• **WHAT TO WORK ON**:
Transcribe every entry that follows, word for word, and omit the images.

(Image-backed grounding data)
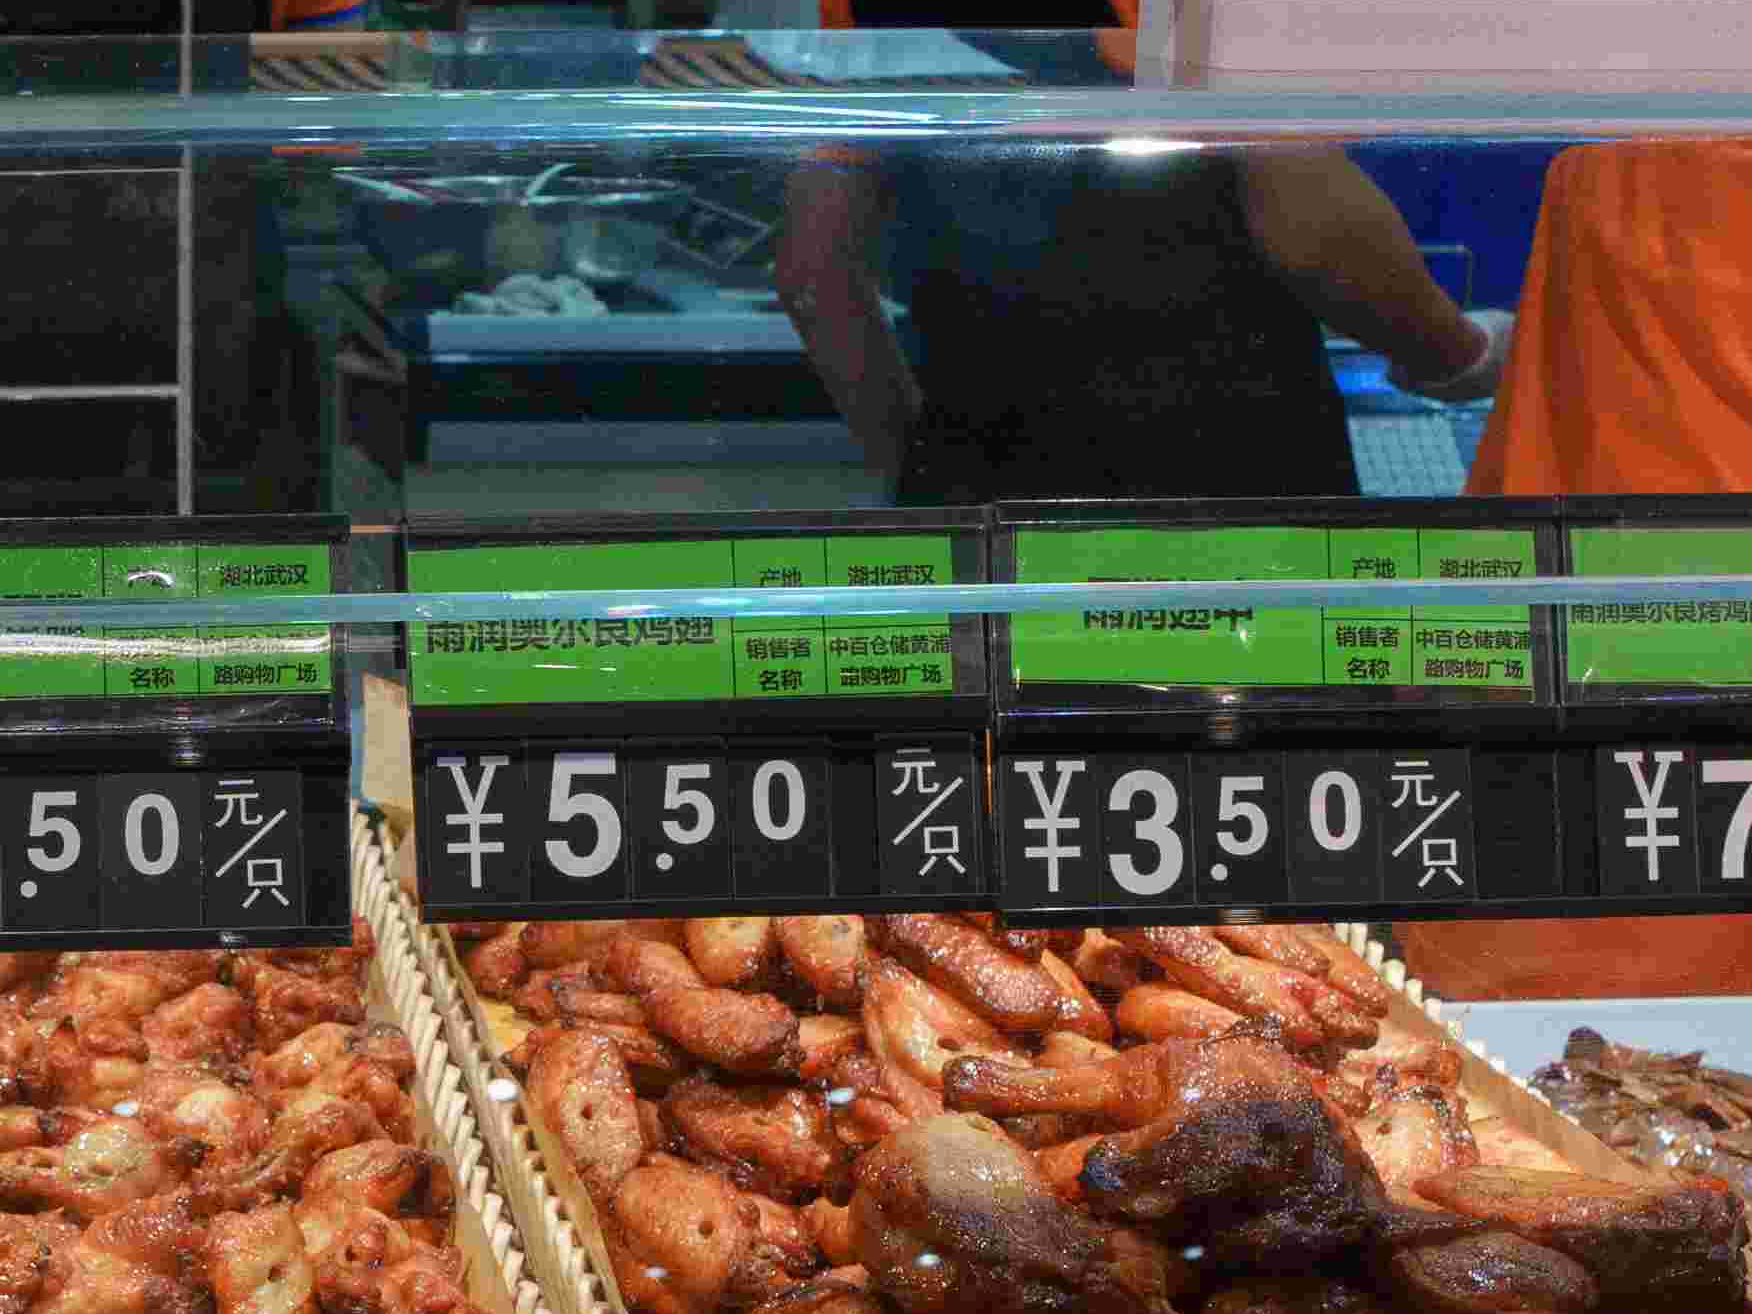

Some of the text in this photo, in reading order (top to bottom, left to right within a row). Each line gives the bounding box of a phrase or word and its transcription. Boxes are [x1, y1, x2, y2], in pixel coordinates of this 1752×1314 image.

[1336, 625, 1398, 648] 销售者
[747, 637, 811, 660] 销售者
[130, 666, 175, 689] 名称
[214, 662, 320, 685] 路购物广场
[760, 668, 803, 691] 名称
[1347, 657, 1390, 679] 名称
[436, 752, 806, 887] ¥5.50
[1014, 760, 1362, 895] ¥3.50
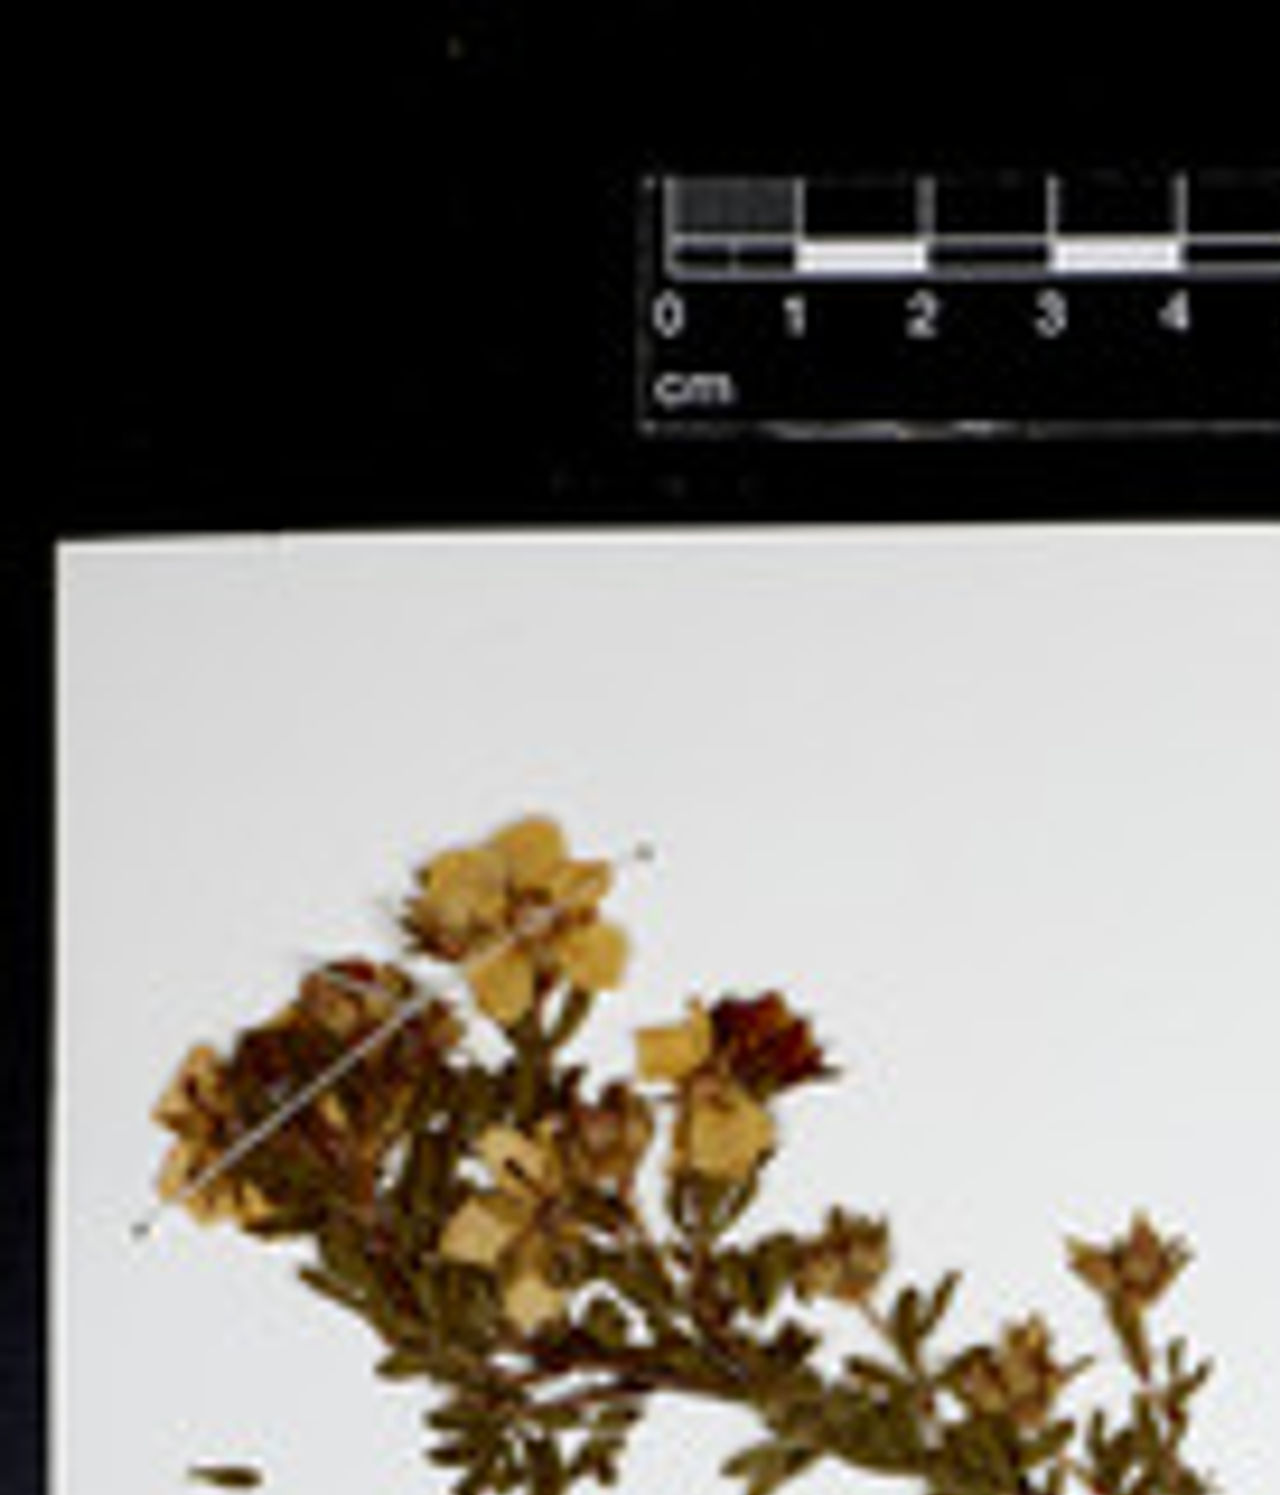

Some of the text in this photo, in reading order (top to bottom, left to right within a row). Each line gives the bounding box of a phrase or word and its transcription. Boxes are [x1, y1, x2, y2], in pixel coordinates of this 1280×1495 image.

• **RESPONSE**:
Some of the text in this photo, in reading order (top to bottom, left to right within a row). Each line gives the bounding box of a phrase or word and its transcription. Boxes are [x1, y1, x2, y2], in pixel coordinates of this 1752×1314 image.

[1336, 625, 1398, 648] 销售者
[747, 637, 811, 660] 销售者
[130, 666, 175, 689] 名称
[214, 662, 320, 685] 路购物广场
[760, 668, 803, 691] 名称
[1347, 657, 1390, 679] 名称
[436, 752, 806, 887] ¥5.50
[1014, 760, 1362, 895] ¥3.50

Some of the text in this photo, in reading order (top to bottom, left to right within a row). Each line gives the bounding box of a phrase or word and its transcription. Boxes are [x1, y1, x2, y2], in pixel coordinates of this 1280×1495 image.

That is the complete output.